Efraín Antonio Campo Flores, 29, e Franqui Francisco Flores de Freitas, 30, estão sendo julgados por um tribunal de Nova York cinco semanas após terem sido detidos em Porto Príncipe por agentes haitianos que os entregaram à DEA, órgão norte-americano antidrogas.
Segundo a agência Reuters, os dois negociavam havia meses o envio de 800 kg de cocaína para os EUA através de uma ilha hondurenha. Entre os negociadores havia agentes da DEA infiltrados.
Ao serem interceptados, os acusados se identificaram imediatamente como sobrinhos da mulher do presidente Nicolás Maduro e tentaram -em vão- usar a imunidade garantida por seus passaportes diplomáticos.
Autoridades norte-americanas também estão prestes a acusar formalmente dois oficiais venezuelanos: o major general Néstor Reverol, comandante da Guarda Nacional Bolivariana e ex-chefe da agência antidrogas da Venezuela, e Edylberto Molina, ex-assessor de Reverol e atual adido militar na Alemanha.
Eles serão acusados de receber dinheiro de narcotraficantes para prejudicar investigações na Venezuela, país que se tornou uma das principais plataformas para o comércio mundial de cocaína.
Em comunicado, a Chancelaria de Caracas disse que as acusações são parte de uma campanha de "terrorismo judicial" orquestrada por Washington.
O aumento da pressão envolvendo suspeitas de narcotráfico no Estado venezuelano sucede a devastadora derrota do chavismo na eleição parlamentar de 6 de dezembro.

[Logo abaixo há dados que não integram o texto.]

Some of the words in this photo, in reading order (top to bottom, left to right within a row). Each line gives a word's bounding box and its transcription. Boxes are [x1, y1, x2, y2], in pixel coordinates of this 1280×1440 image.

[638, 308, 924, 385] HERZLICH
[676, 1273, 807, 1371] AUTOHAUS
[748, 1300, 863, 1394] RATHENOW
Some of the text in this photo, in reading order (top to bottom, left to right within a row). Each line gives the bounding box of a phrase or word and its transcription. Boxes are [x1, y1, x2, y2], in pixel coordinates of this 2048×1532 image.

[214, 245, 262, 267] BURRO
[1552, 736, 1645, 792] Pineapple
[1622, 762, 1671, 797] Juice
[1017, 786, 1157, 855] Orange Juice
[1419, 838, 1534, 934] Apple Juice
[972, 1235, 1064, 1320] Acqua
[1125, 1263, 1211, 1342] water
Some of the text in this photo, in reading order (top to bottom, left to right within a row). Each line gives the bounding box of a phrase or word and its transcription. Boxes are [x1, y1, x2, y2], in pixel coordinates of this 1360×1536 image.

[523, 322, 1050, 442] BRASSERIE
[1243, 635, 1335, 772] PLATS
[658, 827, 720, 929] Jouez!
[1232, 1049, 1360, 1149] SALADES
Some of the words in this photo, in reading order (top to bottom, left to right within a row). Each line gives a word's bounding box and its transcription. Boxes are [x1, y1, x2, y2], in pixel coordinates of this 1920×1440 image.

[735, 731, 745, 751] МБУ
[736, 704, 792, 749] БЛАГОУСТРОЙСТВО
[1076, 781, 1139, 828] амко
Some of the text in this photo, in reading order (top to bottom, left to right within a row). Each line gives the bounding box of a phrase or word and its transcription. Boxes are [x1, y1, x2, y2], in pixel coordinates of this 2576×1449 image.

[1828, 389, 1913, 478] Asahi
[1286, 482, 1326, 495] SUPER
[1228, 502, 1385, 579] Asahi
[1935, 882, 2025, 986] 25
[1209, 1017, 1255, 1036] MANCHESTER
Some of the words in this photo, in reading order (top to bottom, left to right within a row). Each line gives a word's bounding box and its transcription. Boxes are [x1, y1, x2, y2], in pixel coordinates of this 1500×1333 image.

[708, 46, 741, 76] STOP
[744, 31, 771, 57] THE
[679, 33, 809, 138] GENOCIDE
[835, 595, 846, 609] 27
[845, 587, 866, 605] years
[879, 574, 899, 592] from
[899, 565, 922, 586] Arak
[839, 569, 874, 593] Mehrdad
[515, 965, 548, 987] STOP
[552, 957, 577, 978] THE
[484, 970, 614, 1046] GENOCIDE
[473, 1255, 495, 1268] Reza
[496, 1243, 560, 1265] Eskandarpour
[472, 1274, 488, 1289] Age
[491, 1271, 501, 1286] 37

A oposição conquistou maioria qualificada de dois terços na Assembleia Nacional unicameral e, com isso, garantiu amplas prerrogativas para legislar e fiscalizar outros poderes.
O governo Maduro, porém, prometeu resistir por todos os meios à agenda parlamentar da nova legislatura, que toma posse em 5 de janeiro.